> _WORK TASK_
Exclude the pictures from your copy, and reproduce each entry below verbatim.

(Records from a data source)

= = =

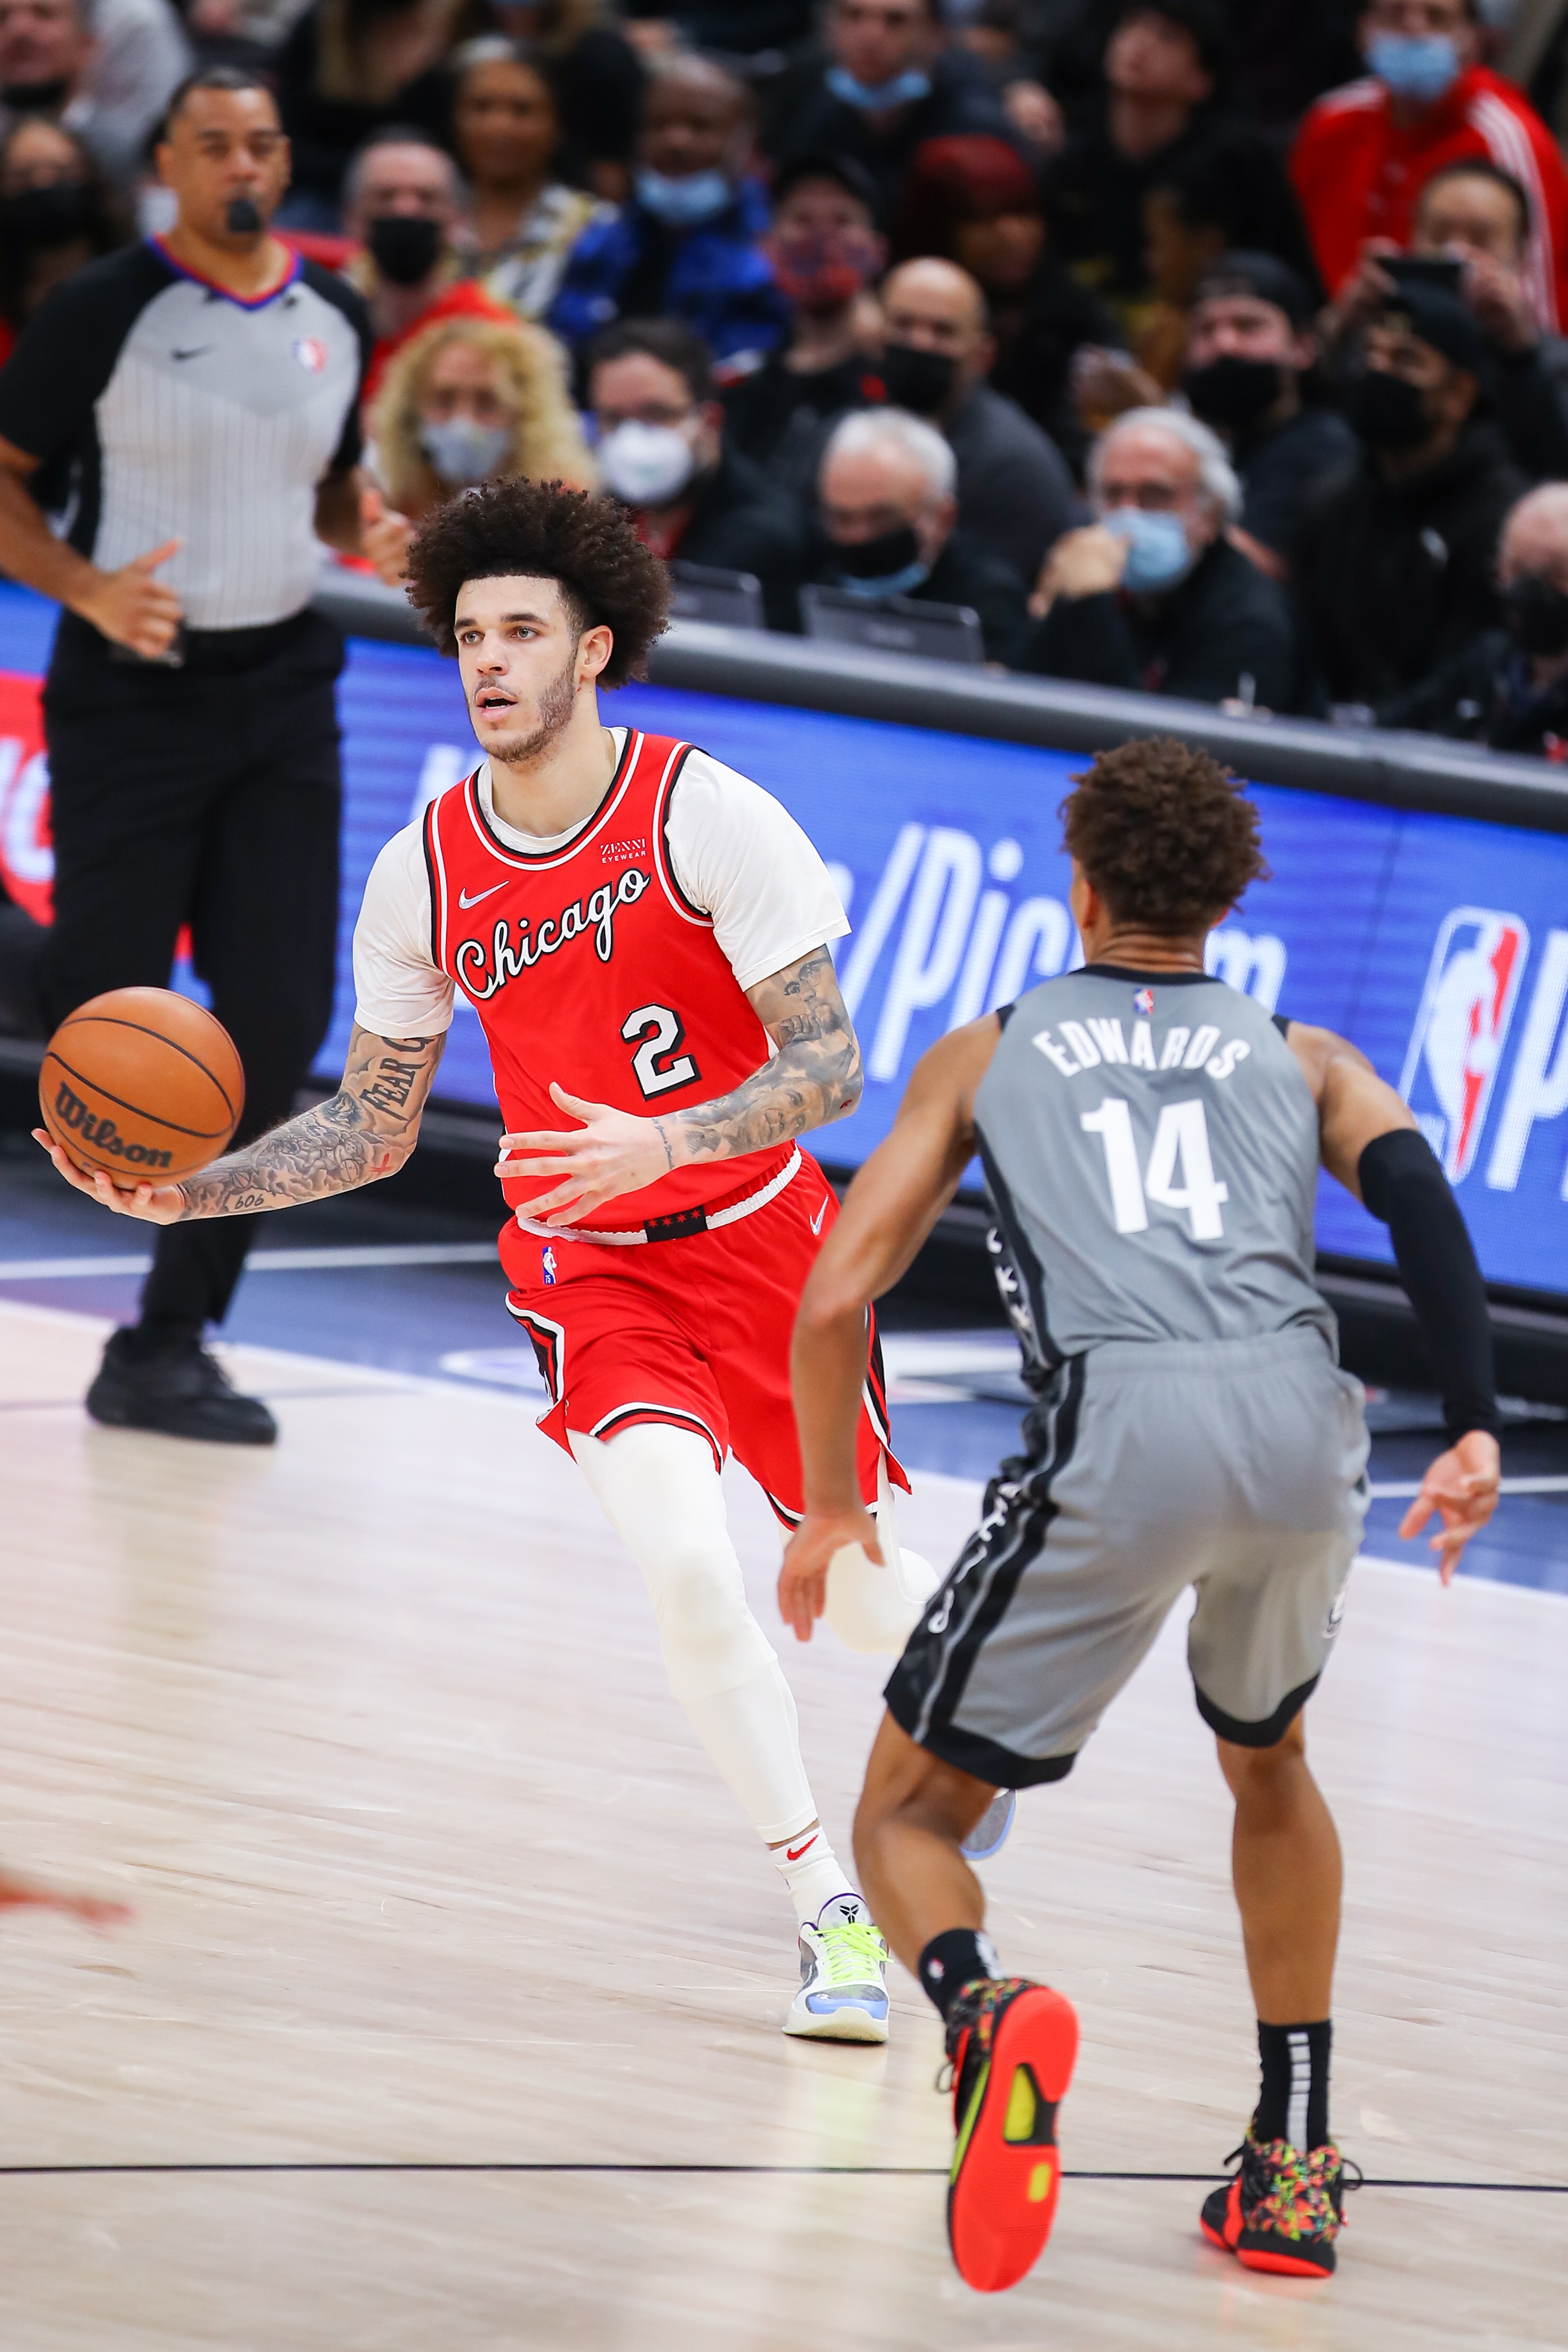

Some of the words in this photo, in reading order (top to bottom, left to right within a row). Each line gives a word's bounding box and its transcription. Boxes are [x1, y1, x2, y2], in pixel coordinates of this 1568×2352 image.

[600, 838, 645, 855] ZENNI
[602, 850, 646, 864] EYEWEAR
[455, 868, 652, 1000] Chicago
[619, 1002, 701, 1101] 2
[1031, 1017, 1251, 1080] EDWARDS
[55, 1079, 173, 1168] Wilson
[359, 1057, 429, 1121] FEAR
[1080, 1097, 1229, 1241] 14
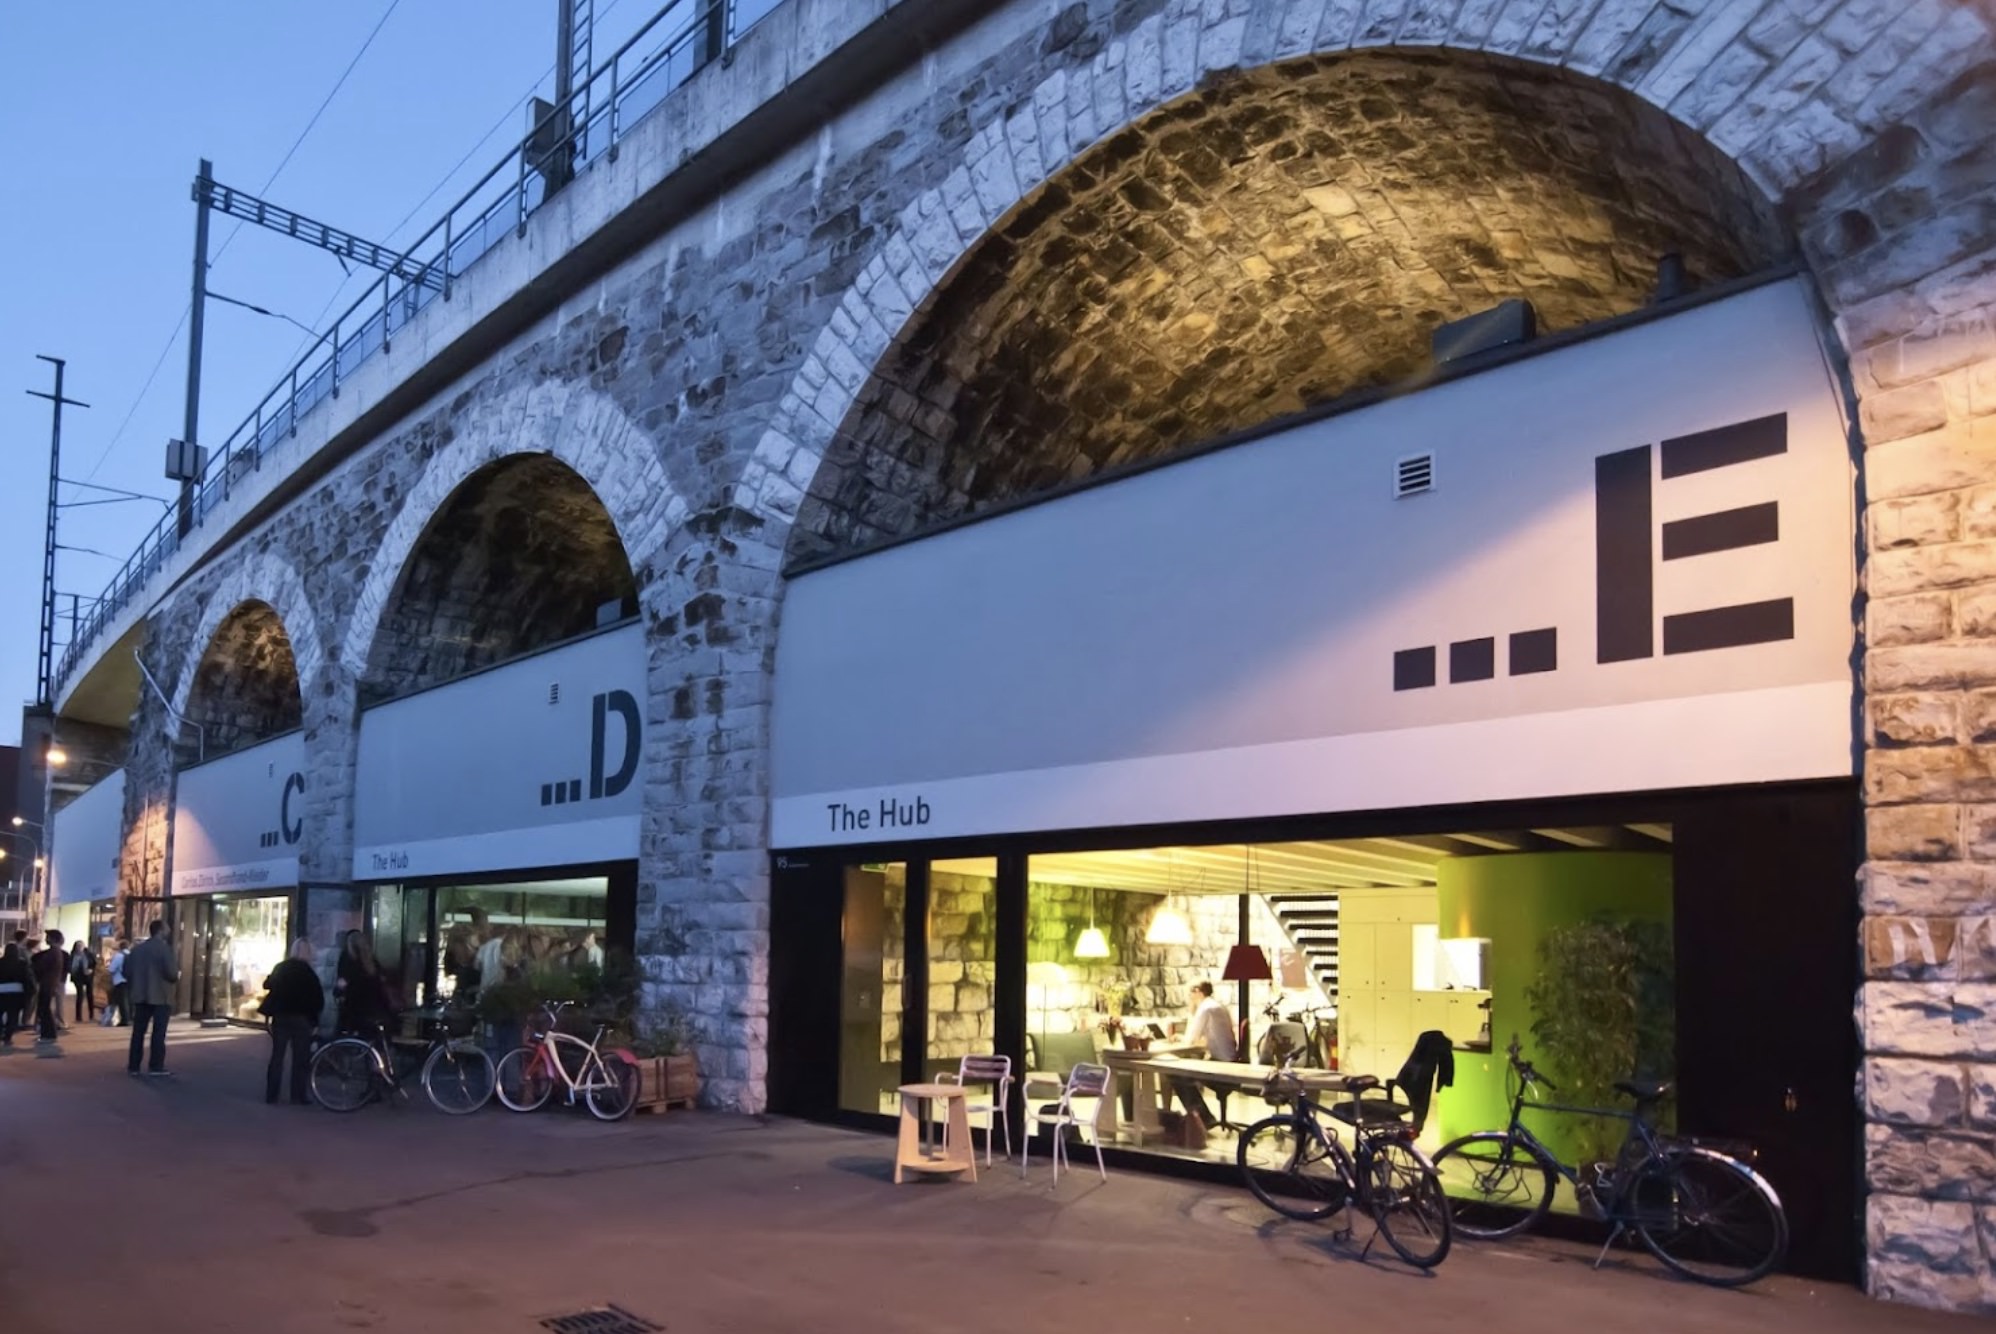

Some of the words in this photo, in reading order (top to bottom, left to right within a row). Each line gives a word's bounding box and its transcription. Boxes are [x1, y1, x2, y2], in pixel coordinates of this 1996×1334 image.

[827, 803, 870, 832] The
[879, 795, 930, 828] Hub
[372, 853, 388, 871] The
[390, 850, 409, 869] Hub
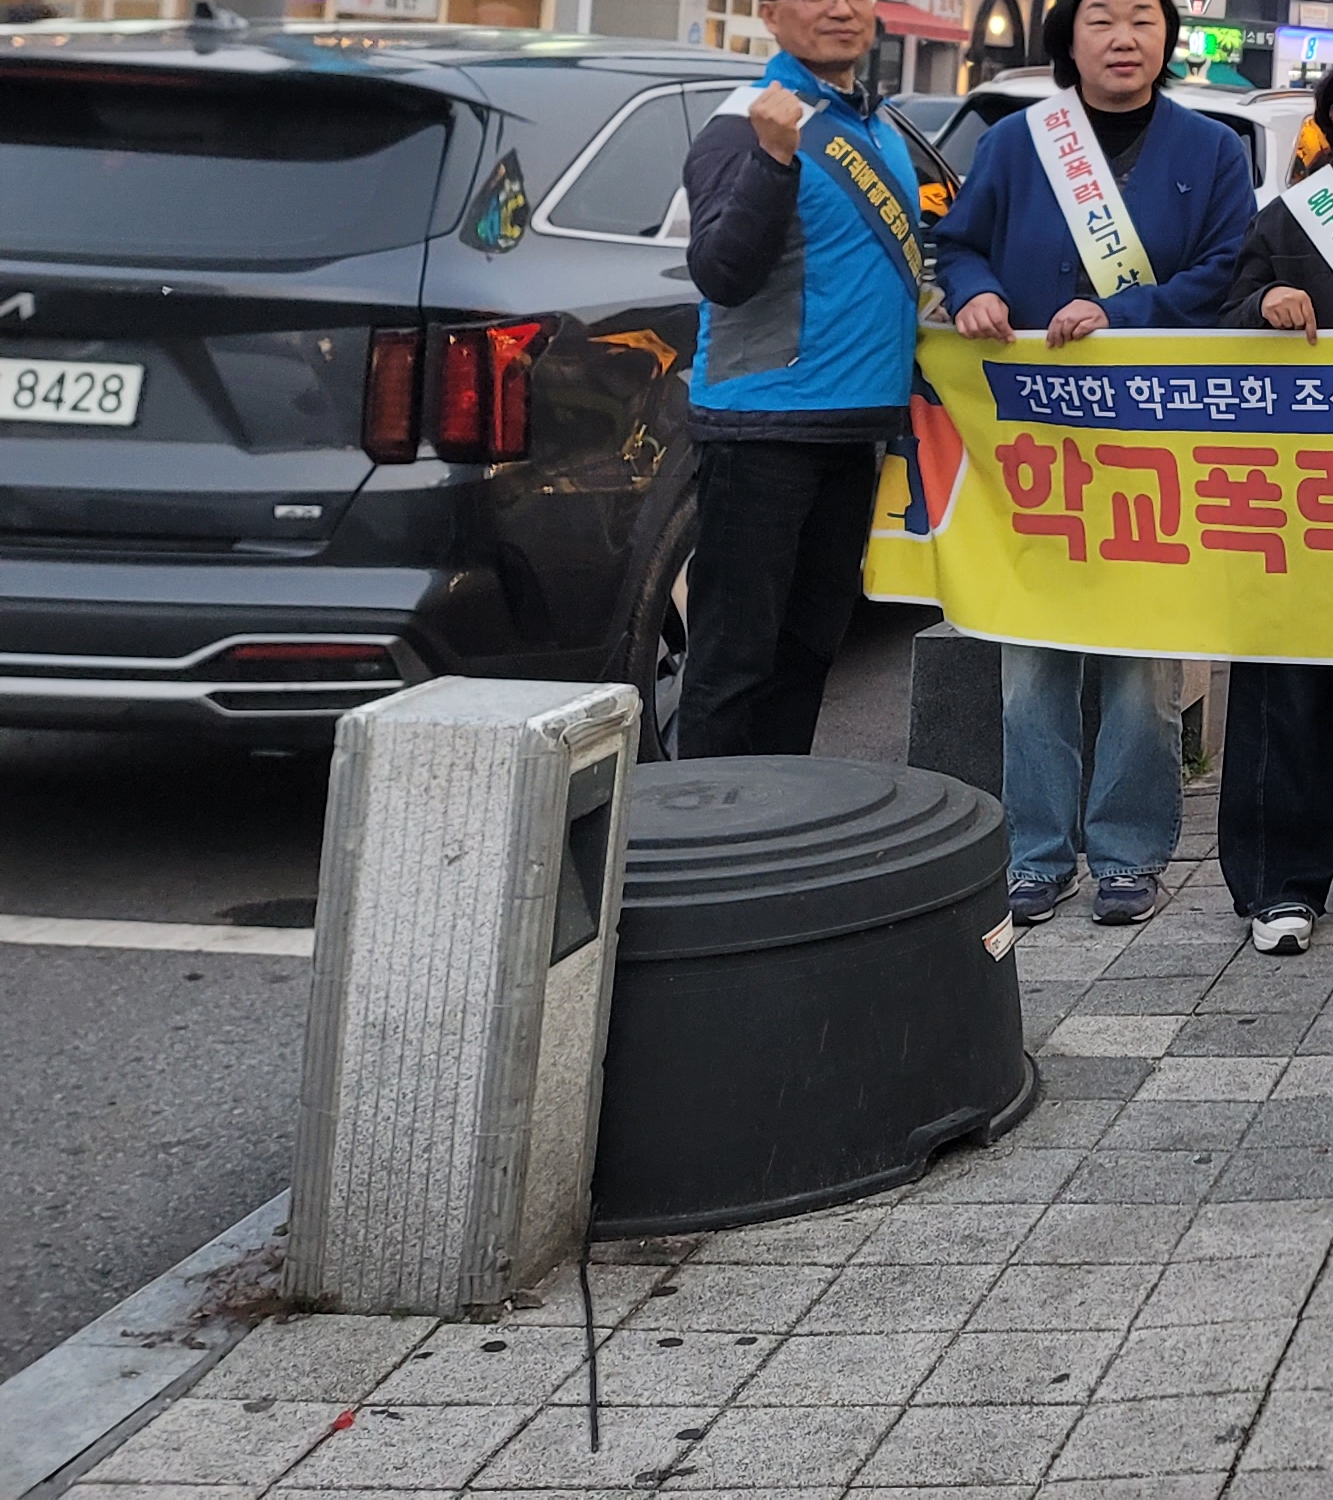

= = =

> _OUTPUT_
Some of the words in this photo, in reading order (top to bottom, left to right within a row). Each line gives a word's bounding box and its transcription. Boxes are [x1, y1, x2, y2], in pixel coordinates of this 1568×2352 image.

[600, 838, 645, 855] ZENNI
[602, 850, 646, 864] EYEWEAR
[455, 868, 652, 1000] Chicago
[619, 1002, 701, 1101] 2
[1031, 1017, 1251, 1080] EDWARDS
[55, 1079, 173, 1168] Wilson
[359, 1057, 429, 1121] FEAR
[1080, 1097, 1229, 1241] 14

Some of the words in this photo, in reading order (top to bottom, left to right within a row). Each line gives a word's bounding box and its transcription. Boxes are [x1, y1, x2, y2], in pixel coordinates of this 1996×1334 image.

[827, 803, 870, 832] The
[879, 795, 930, 828] Hub
[372, 853, 388, 871] The
[390, 850, 409, 869] Hub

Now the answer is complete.